Start of Material provided

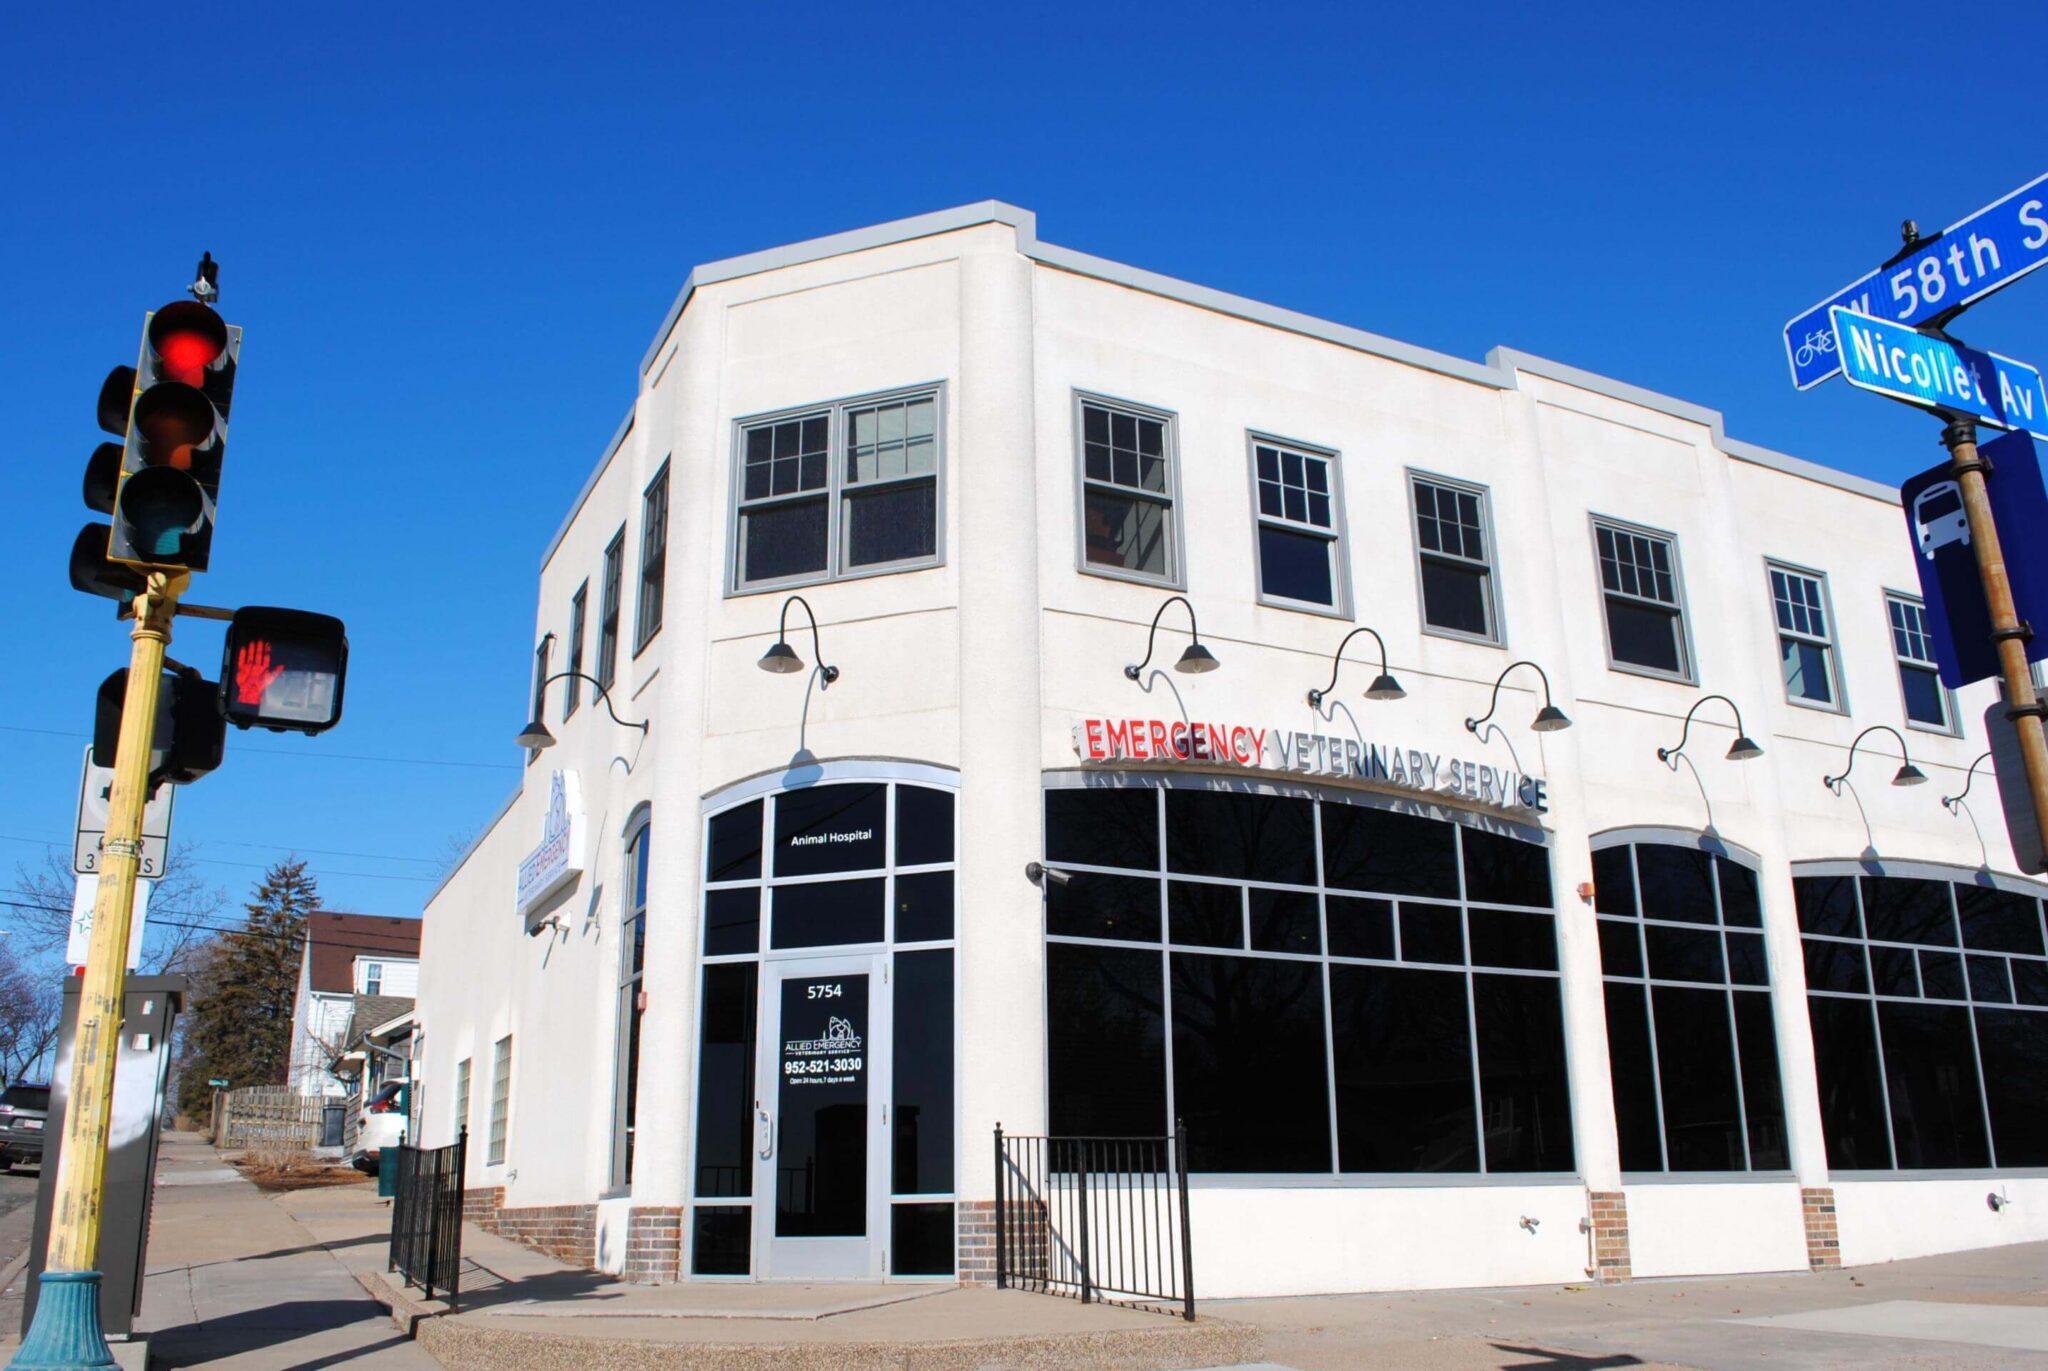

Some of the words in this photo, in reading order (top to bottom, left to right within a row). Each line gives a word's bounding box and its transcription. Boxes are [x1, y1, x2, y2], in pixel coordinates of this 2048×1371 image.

[1891, 233, 2001, 320] 58th
[2019, 200, 2048, 249] S
[1850, 324, 1987, 406] Nicollet
[1999, 369, 2032, 420] Av
[1085, 719, 1266, 764] EMERGENCY
[1275, 729, 1440, 790] VETERINARY
[1450, 758, 1548, 813] SERVICE
[791, 833, 827, 846] Animal
[829, 828, 872, 843] Hospital
[85, 853, 95, 870] 3
[807, 984, 842, 999] 5754
[785, 1042, 812, 1051] ALLIED
[813, 1040, 862, 1050] EMERGENCY
[785, 1057, 862, 1075] 952-521-3030
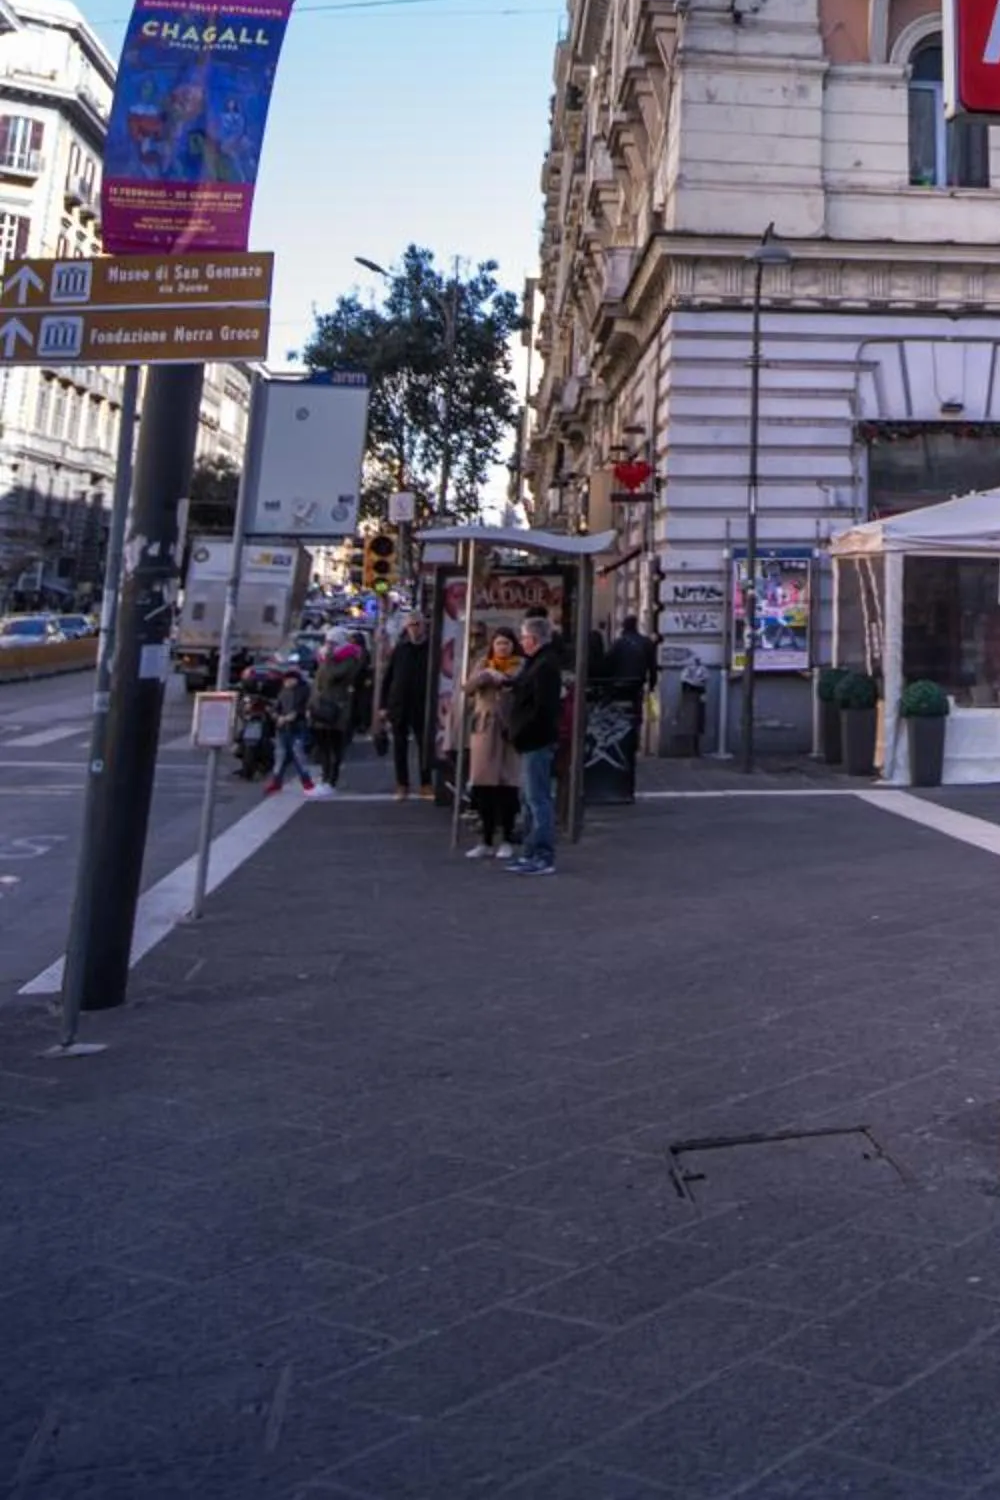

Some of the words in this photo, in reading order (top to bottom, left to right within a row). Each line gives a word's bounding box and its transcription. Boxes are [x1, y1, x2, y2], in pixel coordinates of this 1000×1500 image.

End of Material provided

• Task details: Pictures are to be left out, while the records are copied word for word.

• Written response:
Some of the words in this photo, in reading order (top to bottom, left to right within a row). Each line gives a word's bounding box and its transcription. Boxes are [x1, y1, x2, y2], in pixel coordinates of this 2048×1371 image.

[1891, 233, 2001, 320] 58th
[2019, 200, 2048, 249] S
[1850, 324, 1987, 406] Nicollet
[1999, 369, 2032, 420] Av
[1085, 719, 1266, 764] EMERGENCY
[1275, 729, 1440, 790] VETERINARY
[1450, 758, 1548, 813] SERVICE
[791, 833, 827, 846] Animal
[829, 828, 872, 843] Hospital
[85, 853, 95, 870] 3
[807, 984, 842, 999] 5754
[785, 1042, 812, 1051] ALLIED
[813, 1040, 862, 1050] EMERGENCY
[785, 1057, 862, 1075] 952-521-3030

Some of the words in this photo, in reading order (top to bottom, left to right within a row). Each line gives a word's bounding box and its transcription. Boxes are [x1, y1, x2, y2], in pixel coordinates of this 1000×1500 image.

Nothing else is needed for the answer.